How to Keep Your Leg In The Right Position

Keeping your lower leg in the right place and still when riding is hard to get right.  Whether your feet move about in the stirrup, your lower leg is too far forward or your toes point out there are riding exercises you can do.  

Here are 3 horse riding lower leg exercises for keeping your leg still and stable.

'Hug Your Horse' Exercise

To get your legs into the right position before you even start to ride, you should do this exercise.  Simply lean down to hug your horse's neck and let your legs go backwards.  Now sit back up without moving your legs.  You will feel like your legs are way too far back but only move them forward until you are in a 'standing' position with your legs directly underneath you.

To help turn your leg so that your toes are pointing straight forward first, push yourself off of the saddle and do a half split position then back down into the saddle.  You can also push your heels away from the horse.  

A light chestnut hunter horse being ridden at a show

Riding Without A Saddle

The number one reason that your lower leg is moving about is that you're not sitting correctly.  You need to ride without a saddle for a few weeks to get a better position.  The inside of your thighs and calves should be against the horse, not the back of your legs.   Try to have your legs wrapped around the horse so that your knee is the furthest out point and your lower leg follows the horse's shape back in and under.  
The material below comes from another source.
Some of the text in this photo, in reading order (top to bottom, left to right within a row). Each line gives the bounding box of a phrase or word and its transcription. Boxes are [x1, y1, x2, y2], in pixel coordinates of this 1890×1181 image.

You shouldn't grip with your legs but you will feel some of your weight on your inner thighs.  You then need to tilt your pelvis back until you feel your seat bones.  This will keep you secure in the saddle so that your lower legs won't move around so much.  Imagine that you still have stirrups while you are riding bareback BUT make sure you are not holding any tension.  

A dark bay showing horse being ridden at a horse competition

'kneel' on the horse

When riding your horse, you should imagine you are kneeling in the saddle.  Your knee should point down towards the ground which will naturally put your lower leg into the correct place.  Try to feel your knee moving forward and down with your horse's movement.  This will also give you the feeling of weight on your thighs.  You find that using this exercise gives you a really secure lower leg.
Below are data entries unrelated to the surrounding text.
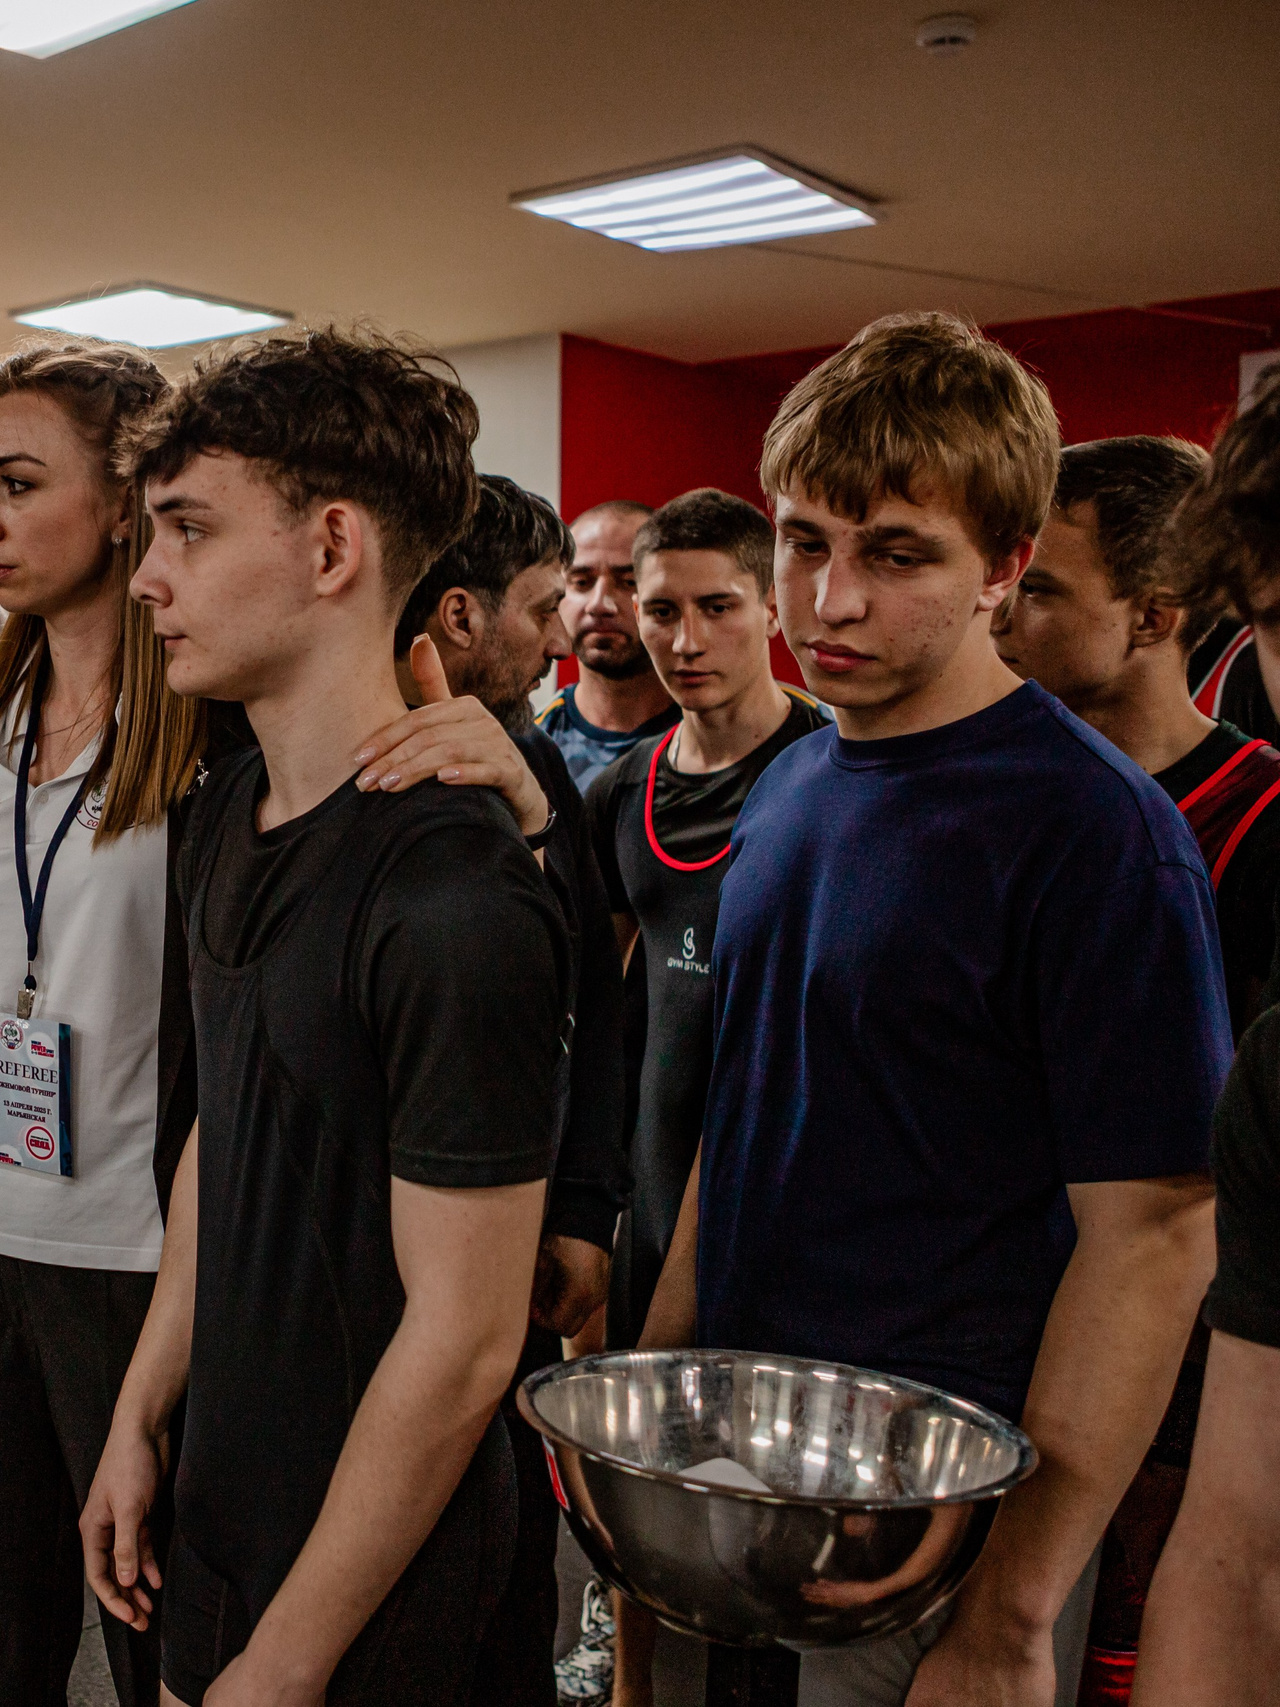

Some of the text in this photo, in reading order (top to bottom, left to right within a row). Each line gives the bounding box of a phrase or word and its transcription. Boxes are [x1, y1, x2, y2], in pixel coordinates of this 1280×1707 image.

[667, 957, 710, 974] GYM STYLE
[10, 1101, 33, 1111] АПРЕЛЯ
[7, 1109, 46, 1123] МАРЬЯНСКАЯ
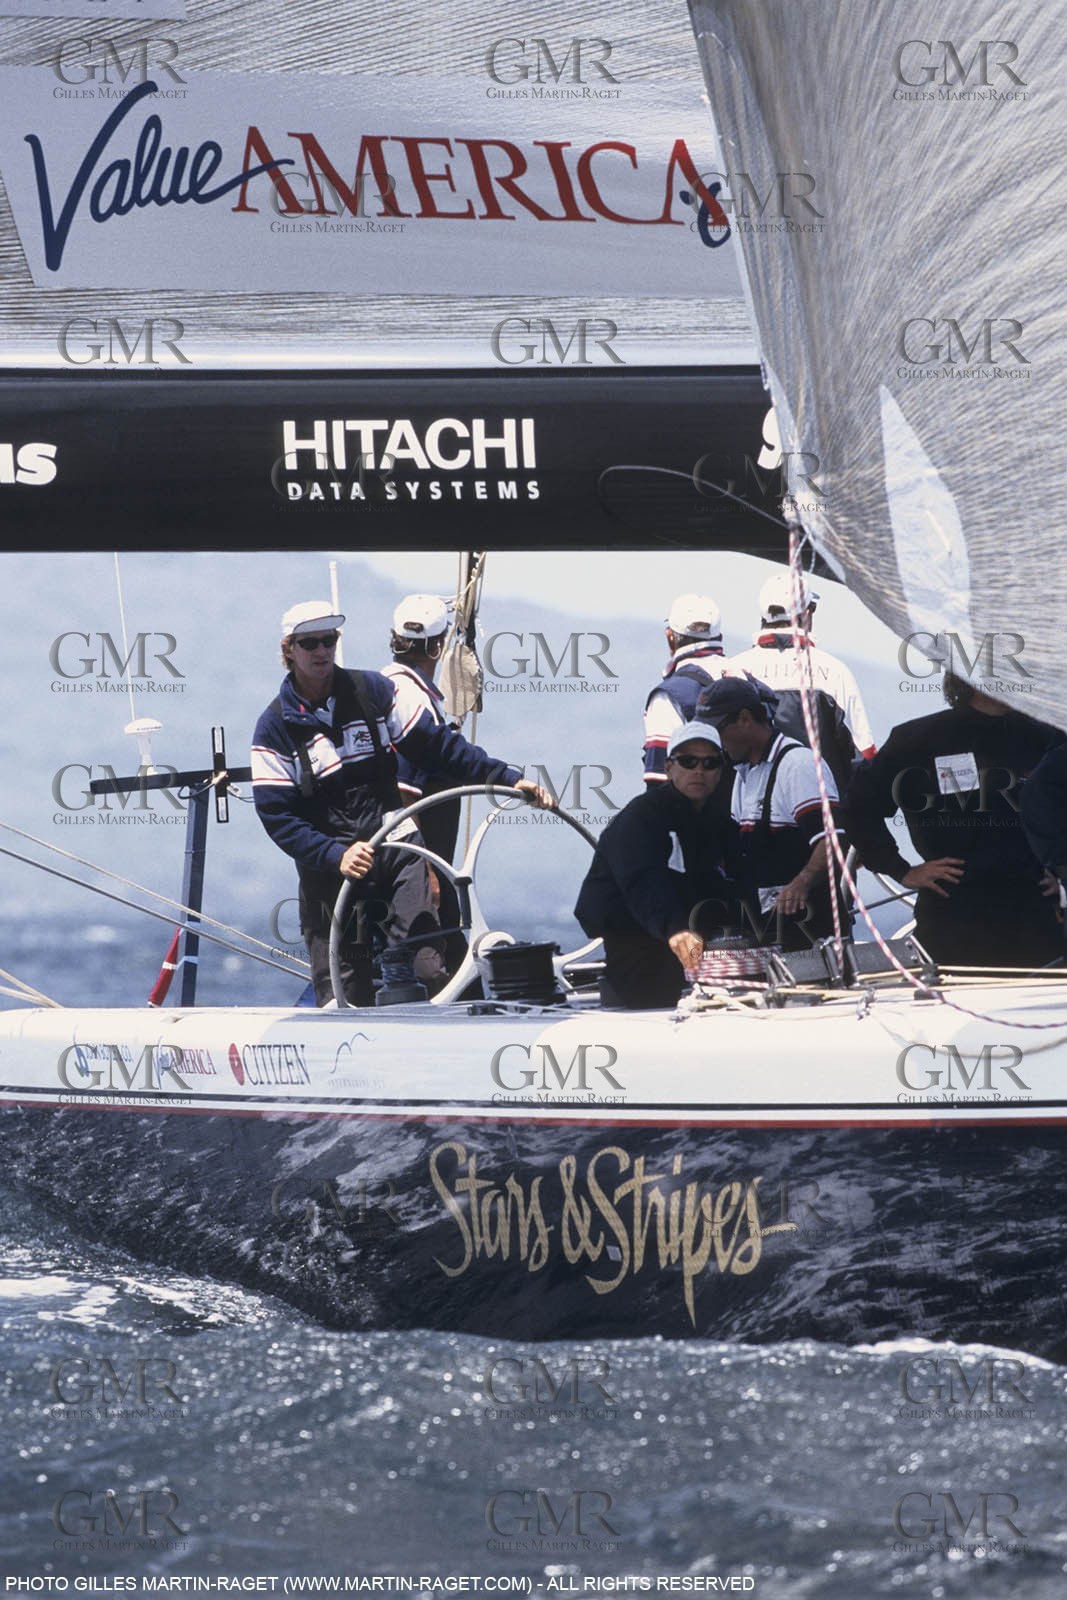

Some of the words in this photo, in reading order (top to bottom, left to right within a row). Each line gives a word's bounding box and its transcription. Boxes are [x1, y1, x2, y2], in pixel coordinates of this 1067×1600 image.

[24, 80, 294, 271] Value
[232, 126, 729, 225] AMERICA
[283, 417, 536, 470] HITACHI
[287, 482, 366, 500] DATA
[384, 480, 540, 500] SYSTEMS
[243, 1044, 311, 1086] CITIZEN
[429, 1142, 554, 1278] Stars
[559, 1154, 604, 1265] &
[584, 1145, 796, 1329] Stripes
As you look down at your leg, you should not be able to see your toes as your knee should be blocking the view.  If you can see your toes, your legs are too far forward.  If you can see more than the back of your heel then your legs are too far back.  You will also be able to see your toes if they are pointing out.  

A rider's sitting on a white horse on a dressage saddle while wearing competition clothing


I am not a horse trainer or any other equestrian professional.  I only give advice on horsey topics that I have experience as a horse owner in.  Please don't follow my advice without contacting a relevant equestrian professional.